Nice, thin pork cutlets cook like a flash in the skillet and the gravy takes only minutes to whip up.
Pair this with a simple tossed salad and this quick dish makes a lovely meal for a busy weeknight supper.
A Quick Note: I now make this recipe with thin sliced chicken breasts (chicken cutlets) instead of pork. Everything else is the same. You can see me make this recipe in the video below.
Note: I no longer eat pork, however I am leaving recipes like this one up for those who enjoy it. Many pork recipes can be easily converted to turkey or chicken recipes, with little or even no other changes. Recipes with bacon or sausage can use alternatives like beef or turkey bacon. Many of those recipes are being updated with the changes. Article: Why I Quit Eating Pork
Watch me Cook This Recipe:
To begin, heat about 2 tablespoon of extra virgin olive oil in a large skillet over medium heat. Salt and pepper your pork cutlets.
Sear the cutlets in the skillet until just cooked through and slightly browned on both sides. Don’t crowd your skillet. If you have too many to fit easily, work in batches and keep the finished cutlets in a dish in your oven set to ‘warm.”
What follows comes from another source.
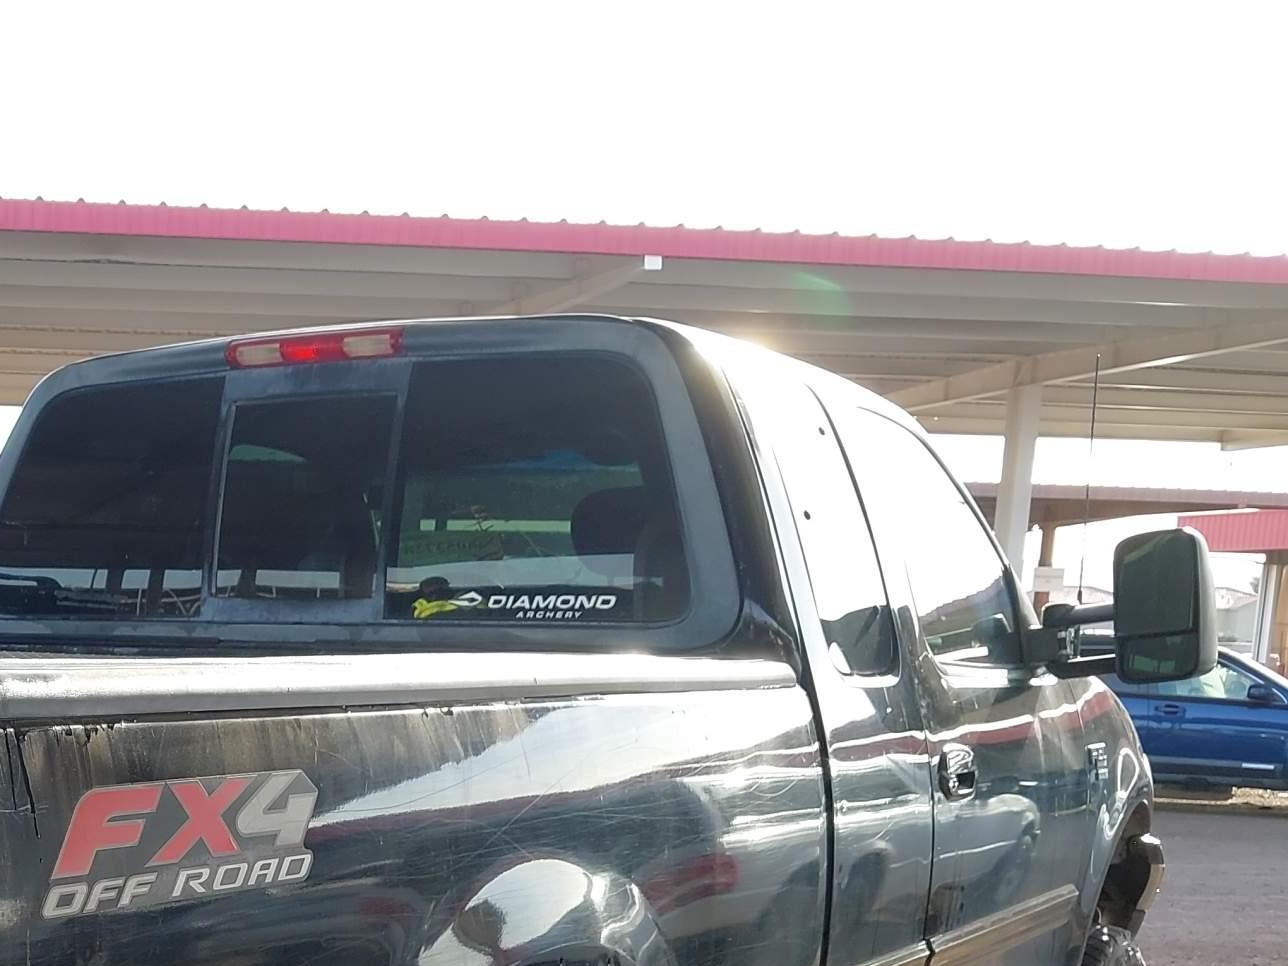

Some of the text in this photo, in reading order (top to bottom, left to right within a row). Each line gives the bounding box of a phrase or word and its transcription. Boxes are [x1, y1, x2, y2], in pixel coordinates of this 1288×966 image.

[487, 595, 617, 610] DIAMOND
[515, 611, 584, 619] ARCHERY
[51, 771, 319, 880] FX4
[41, 853, 313, 919] OFF ROAD
Repeat with all of the cutlets. When the cutlets are cooked, keep them warm and prepare the gravy.
With the heat momentarily turned off, pour in 1 cup of dry white wine. Turn the stove back on low.
With a whisk, work the little brown bits loose from the pan.
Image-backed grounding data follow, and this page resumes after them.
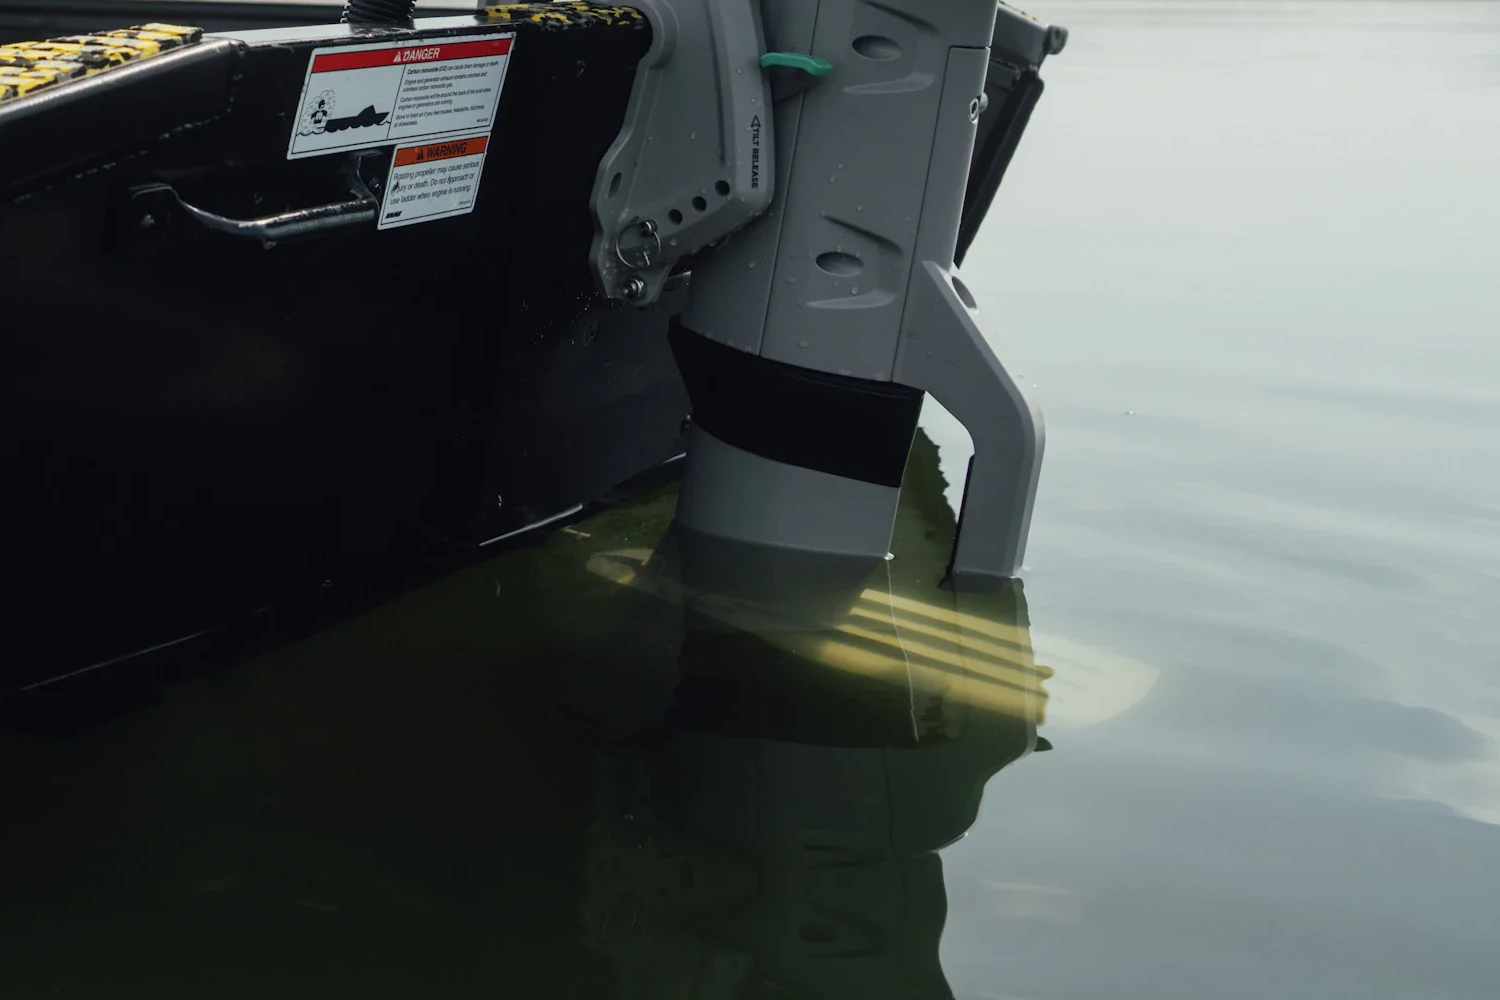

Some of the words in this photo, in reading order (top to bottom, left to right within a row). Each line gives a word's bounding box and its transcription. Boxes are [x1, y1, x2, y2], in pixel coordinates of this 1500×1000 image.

[402, 48, 440, 61] DANGER
[752, 127, 760, 146] TILT
[426, 142, 467, 159] WARNING
[393, 172, 414, 180] Rotating
[414, 168, 436, 179] propeller
[437, 166, 447, 174] may
[448, 164, 462, 172] cause
[463, 161, 479, 170] serious
[751, 148, 759, 189] RELEASE
[430, 178, 438, 186] Do
[469, 172, 475, 180] or
[390, 197, 400, 205] use
[401, 193, 417, 202] ladder
[417, 192, 430, 200] when
[432, 189, 447, 198] engine
Whisk in 2 tablespoons of whole grain Dijon mustard.
When the mustard is whisked in, pour in 1 cup of heavy cream.
Whisk it all together and cook over low heat until the gravy just begins to bubble. Turn off the heat and sprinkle in a touch of thyme, salt, and pepper.
Serve your pork chops with your favorite starch – I chose a bed of golden couscous tonight. Sometimes I make spaetzle and other times orzo or rice. It just depends on the mood I’m in. Top with the creamy, golden gravy.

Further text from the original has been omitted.